━━━ RECORDS TO USE ━━━
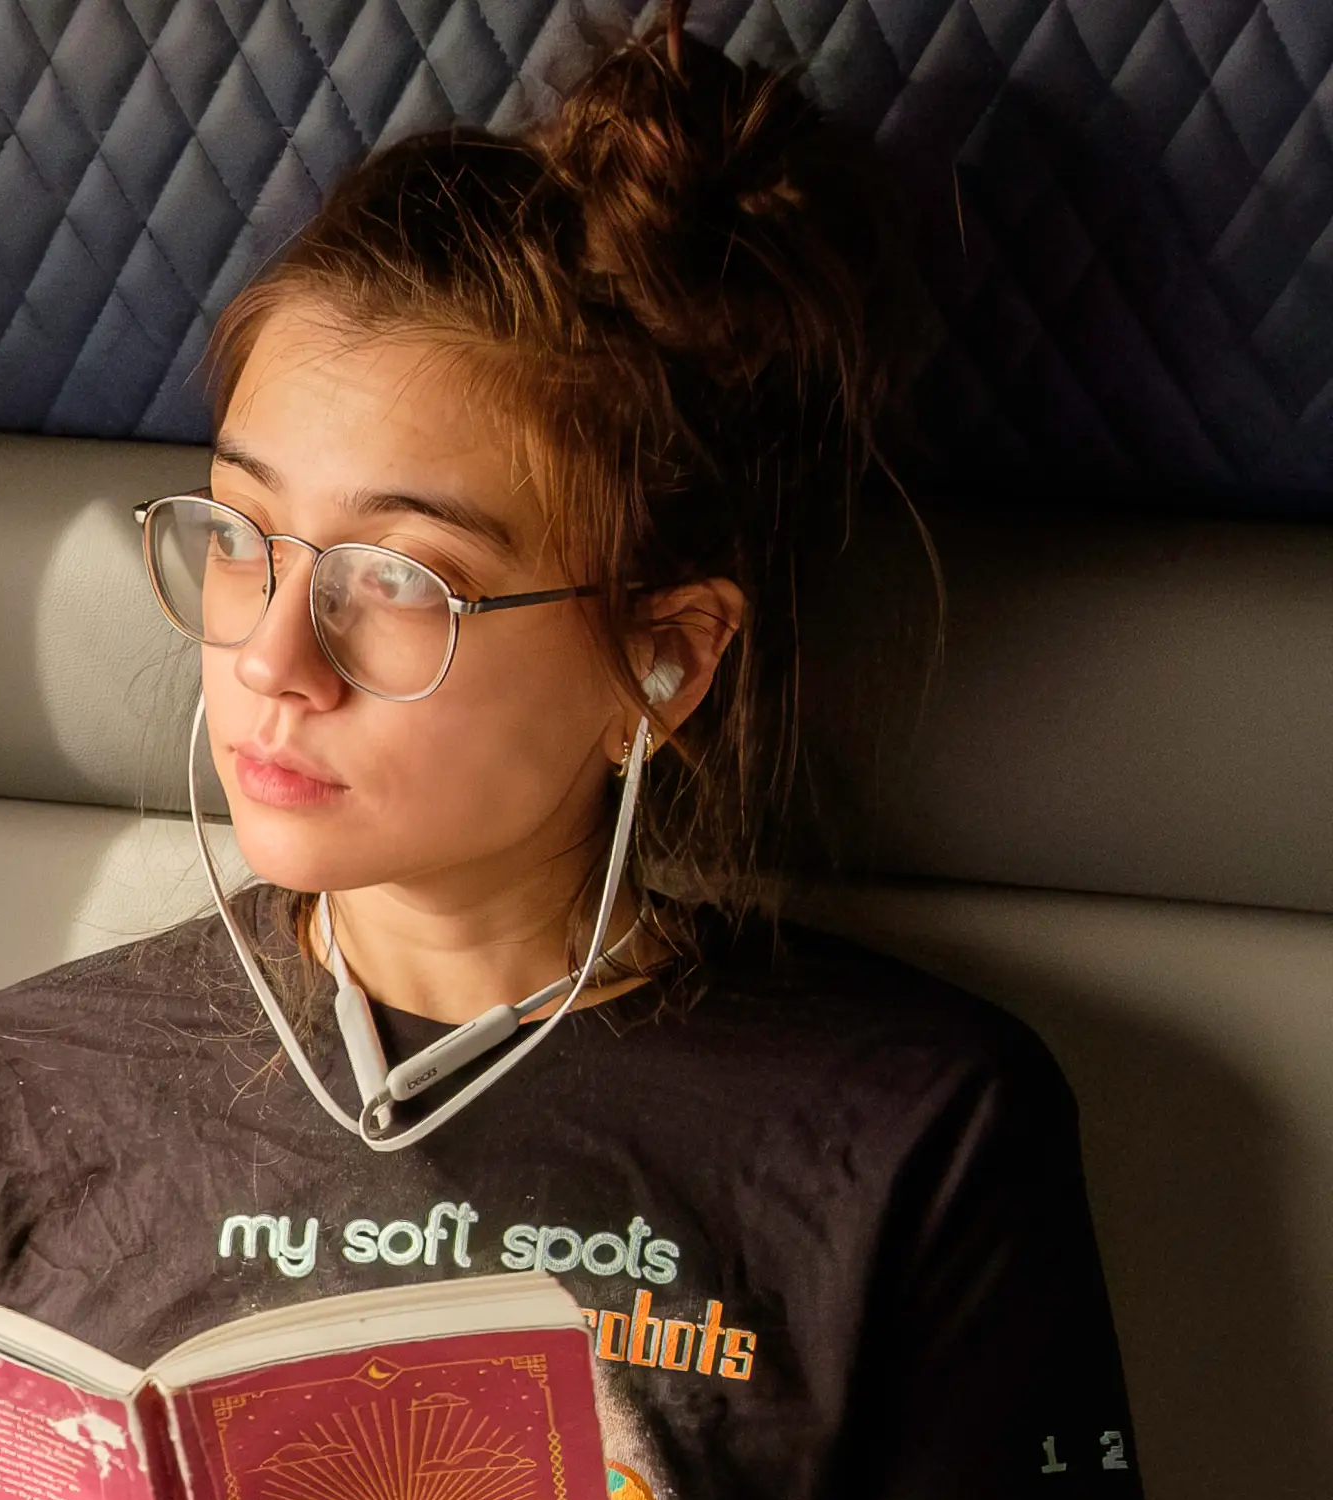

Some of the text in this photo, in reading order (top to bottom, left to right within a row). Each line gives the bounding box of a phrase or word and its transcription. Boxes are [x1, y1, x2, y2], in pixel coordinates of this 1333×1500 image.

[406, 1066, 439, 1091] beats
[218, 1200, 681, 1285] my soft spots
[1041, 1429, 1129, 1474] 1 2
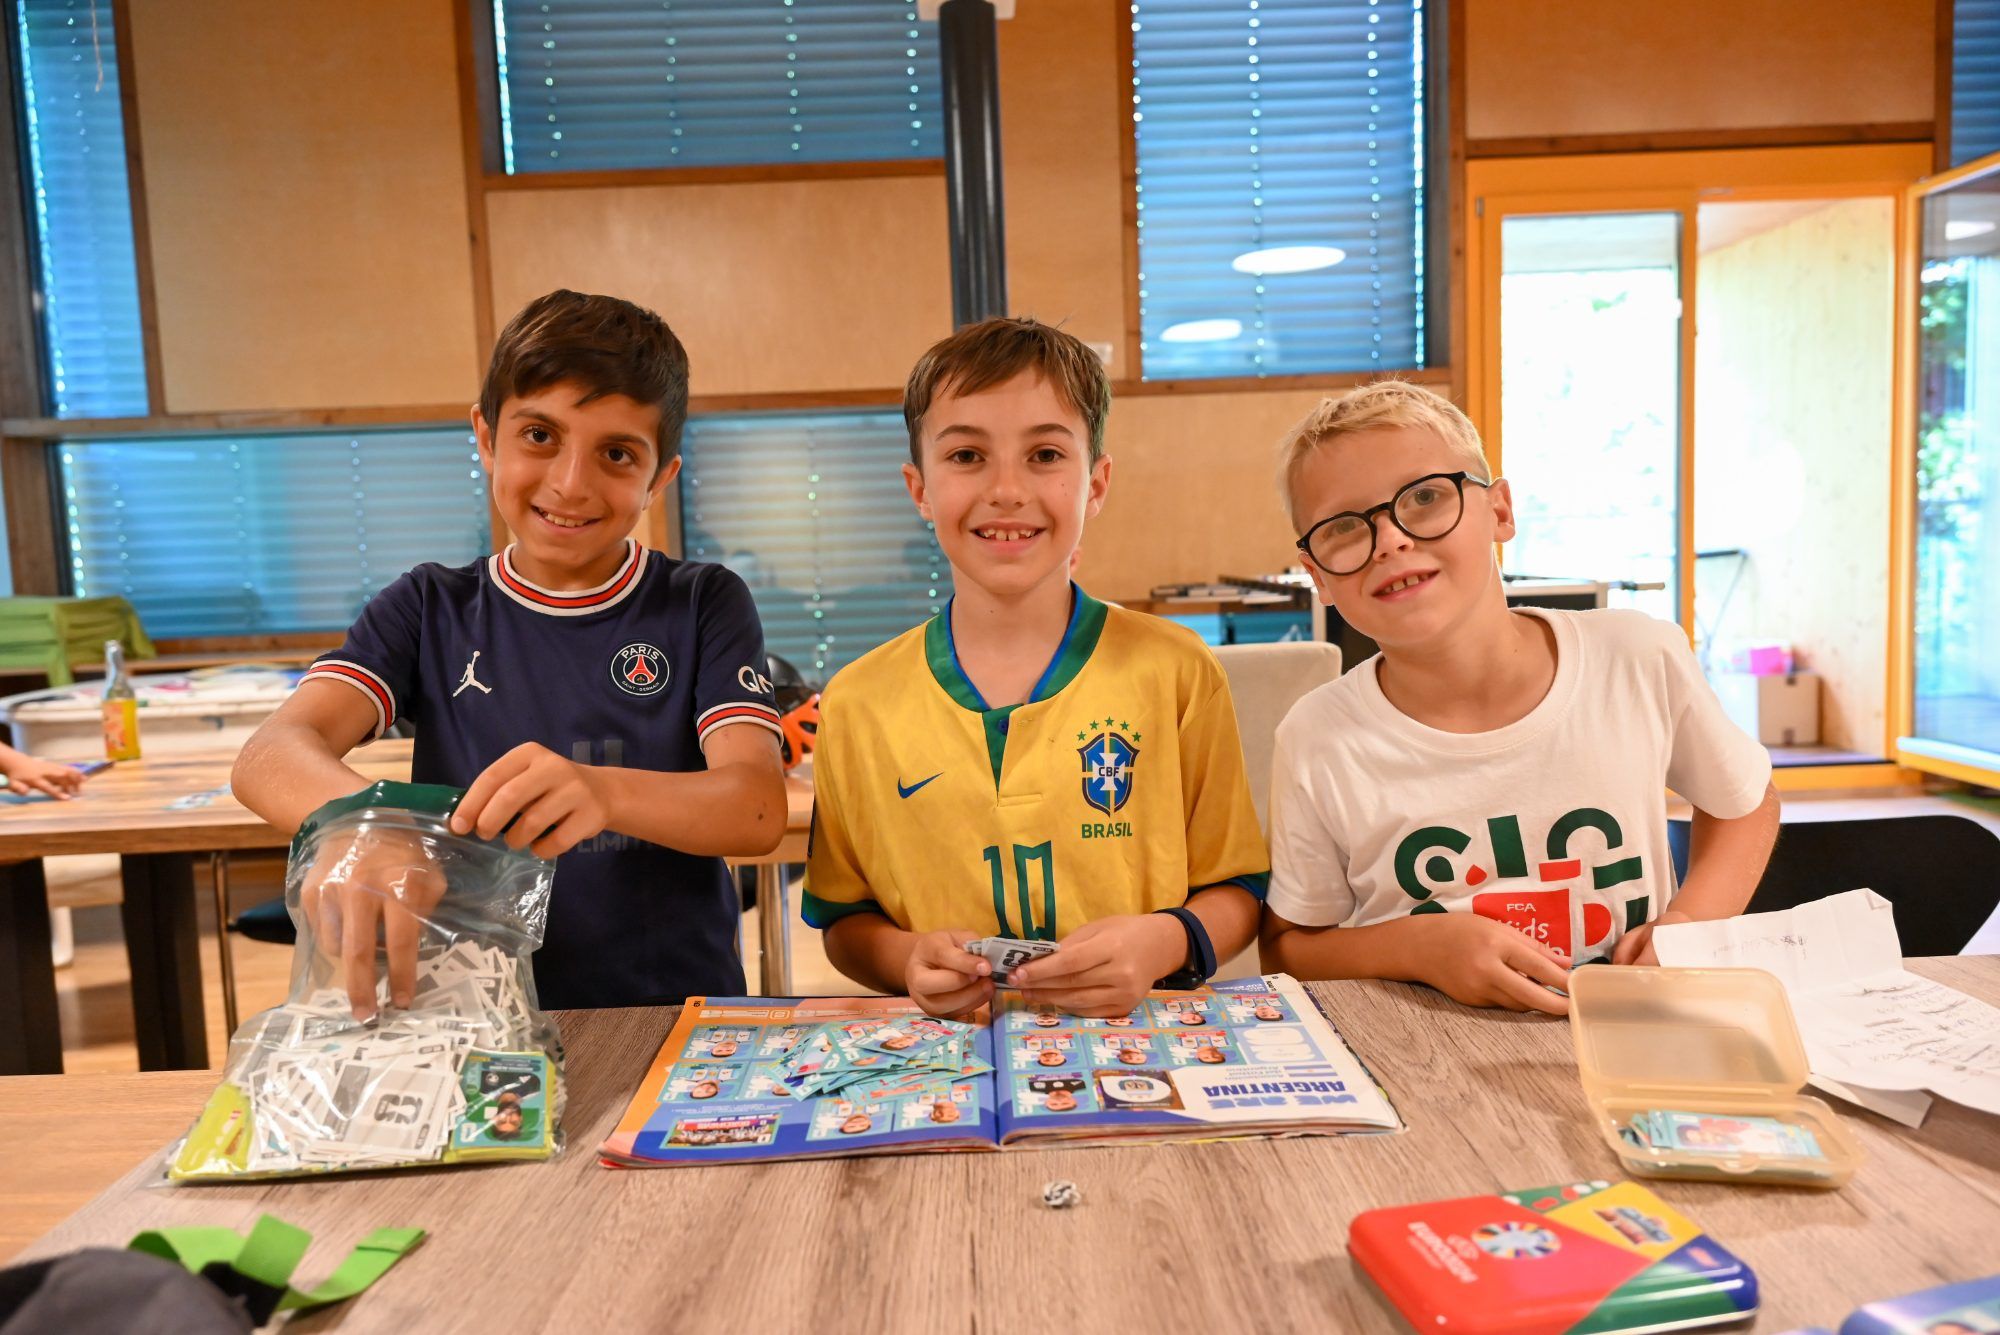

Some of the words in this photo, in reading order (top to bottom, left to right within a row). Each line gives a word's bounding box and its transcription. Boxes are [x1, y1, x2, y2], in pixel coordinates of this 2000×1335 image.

[621, 646, 660, 660] PARIS
[1098, 766, 1120, 777] CBF
[1081, 822, 1133, 838] BRASIL
[983, 840, 1056, 942] 10
[1506, 903, 1537, 913] FCA
[1202, 1081, 1346, 1098] ARGENTINA
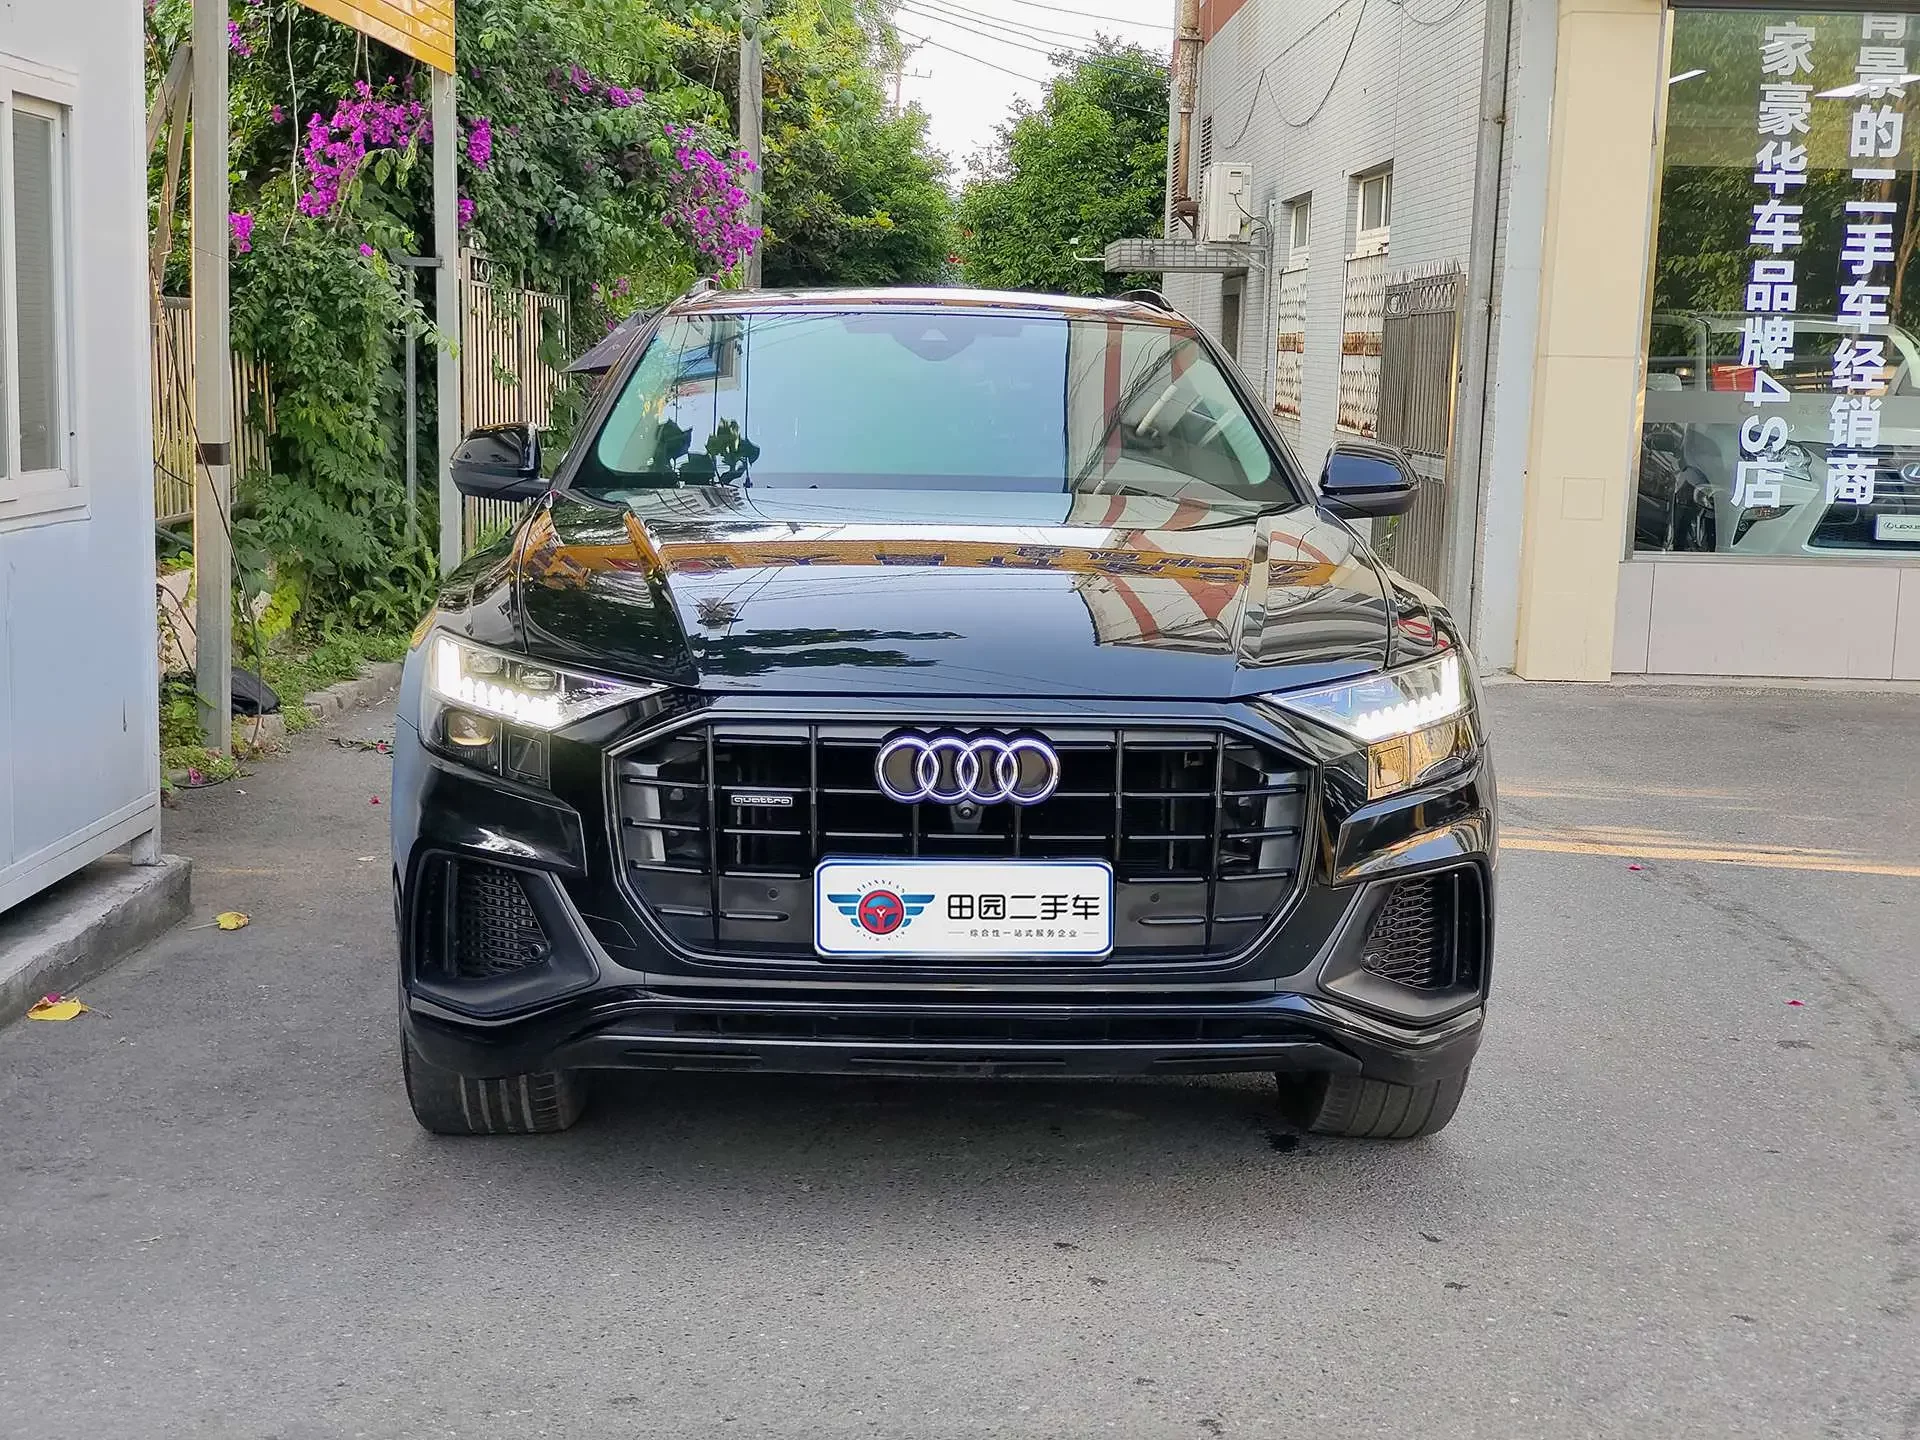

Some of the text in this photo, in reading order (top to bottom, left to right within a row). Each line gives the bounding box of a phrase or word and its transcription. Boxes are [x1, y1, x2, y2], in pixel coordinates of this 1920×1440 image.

[1731, 22, 1815, 508] 家豪华车品牌4S店
[733, 796, 790, 805] quattro
[947, 893, 1100, 920] 田园二手车
[969, 928, 1078, 938] 综合性一站式服务企业
━━━
Exactly the lines from the one containing "this 1920×1440 image." through the last line of the material above are to be returned, with nothing else.

Some of the text in this photo, in reading order (top to bottom, left to right within a row). Each line gives the bounding box of a phrase or word and its transcription. Boxes are [x1, y1, x2, y2], in pixel coordinates of this 1920×1440 image.

[1731, 22, 1815, 508] 家豪华车品牌4S店
[733, 796, 790, 805] quattro
[947, 893, 1100, 920] 田园二手车
[969, 928, 1078, 938] 综合性一站式服务企业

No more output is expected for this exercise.